The dynamics of nitrogen uptake by phytoplankton are of particular importance. Classically, nitrate mixed into the surface layer during winter provides the nitrogen pool for growth in the spring bloom. Some organic material is exported to depth, whilst the remainder is recycled, providing ammonium and other reduced species as nitrogenous substrates for growth during the remainder of the season. The oxidation state of the inorganic nitrogen supply thus identifies new and recycled carbon fixation. Whilst this is convenient “shorthand” for the nitrogen nutrition of carbon export in much of the ocean, it is an inappropriate model for the Southern Ocean. Here, nitrate and ammonium use are simultaneous, and nitrate is never exhausted by the annual phytoplankton production.

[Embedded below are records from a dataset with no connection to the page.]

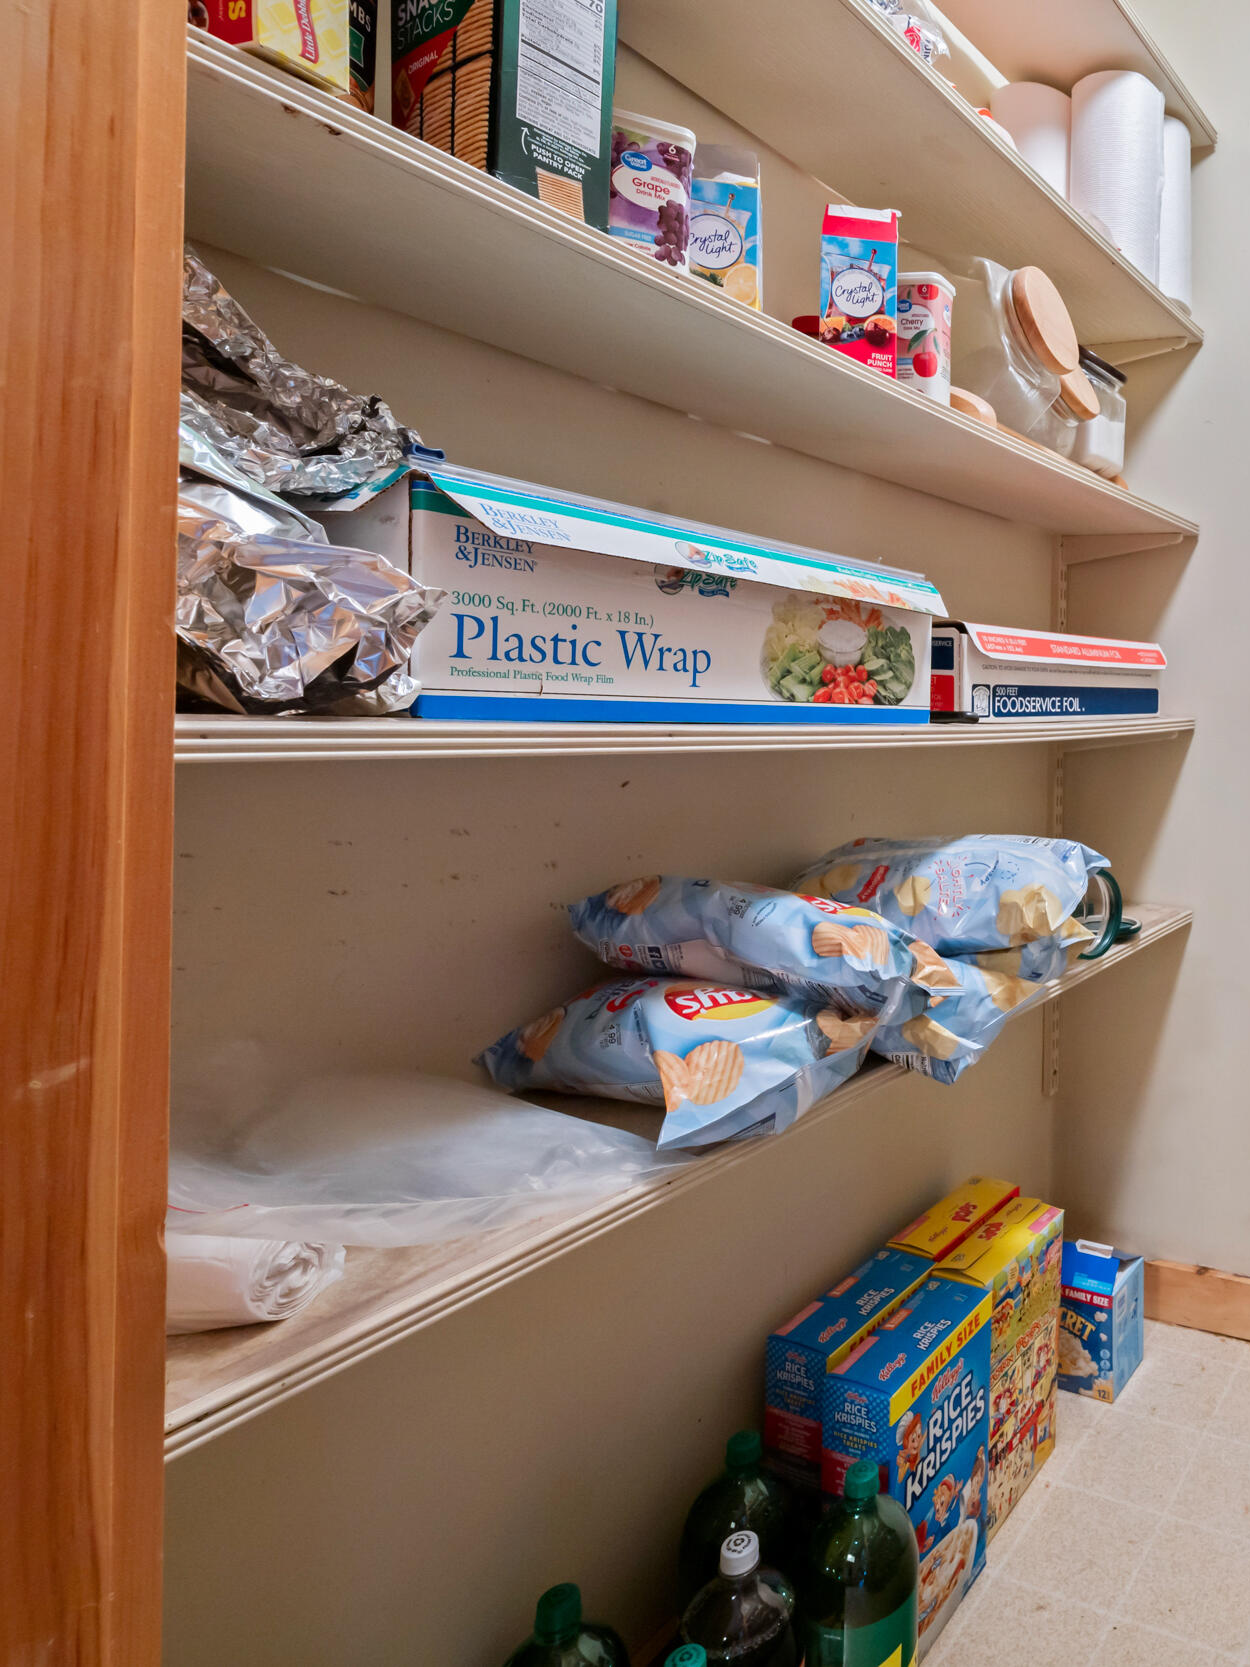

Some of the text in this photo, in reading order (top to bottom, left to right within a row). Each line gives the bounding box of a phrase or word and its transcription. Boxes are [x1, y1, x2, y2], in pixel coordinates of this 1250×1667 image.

[397, 0, 455, 50] STACKS
[408, 50, 439, 74] ORIGINAL
[531, 144, 585, 174] PUSH TO OPEN
[669, 145, 676, 154] 6
[533, 151, 583, 180] PANTRY PACK
[632, 177, 670, 196] Grape
[690, 230, 730, 252] Crystal
[835, 282, 873, 302] Crystal
[900, 318, 924, 328] Cherry
[867, 359, 893, 368] PUNCH
[871, 352, 893, 361] FRUIT
[479, 502, 560, 529] BERKLEY
[454, 524, 534, 554] BERKLEY
[451, 590, 654, 628] 3000 Sq. Ft. (2000 Ft. x 18 In.)
[449, 613, 711, 687] Plastic Wrap
[450, 667, 614, 685] Professional Plastic Food Wrap Film
[996, 687, 1018, 696] 500 FEET
[995, 697, 1061, 713] FOODSERVICE
[675, 987, 753, 1014] ay's
[952, 1202, 978, 1223] POPS
[856, 1288, 880, 1307] RICE
[858, 1287, 895, 1316] KRISPIES
[1065, 1288, 1109, 1307] FAMILY SIZE
[818, 1317, 848, 1343] Kellogg's
[913, 1321, 936, 1340] RICE
[917, 1319, 952, 1351] KRISPIES
[911, 1313, 980, 1398] FAMILY SIZE
[785, 1362, 806, 1377] RICE
[879, 1353, 907, 1381] Kellogg's
[776, 1370, 815, 1391] KRISPIES
[932, 1357, 964, 1403] Kellogg's
[844, 1402, 868, 1418] RICE
[929, 1372, 972, 1449] RICE
[834, 1411, 877, 1433] KRISPIES
[905, 1388, 985, 1511] KRISPIES

We speculate that a range of environmental factors combine to make the large pool of nitrate partially inaccessible to phytoplankton. in addition to the documented effects of low iron availability and high ammonium concentrations, the low temperatures characteristic of the Southern Ocean may decrease nitrate availability because of the increased energetic overheads in its uptake and reduction. This in turn makes ammonium an important nitrogenous substrate, and its production by zooplankton and heterotrophic microorganisms is an important component of the plankton nitrogen cycle. There is some evidence that ammonium production by large grazing animals may stimulate phytoplankton growth. Microbial removal of nitrogen from sedimenting phytoplankton cells may result in local decoupling between the carbon and nitrogen cycles, allowing some reduced nitrogen to remain in the euphotic zone whilst carbon is exported to depth.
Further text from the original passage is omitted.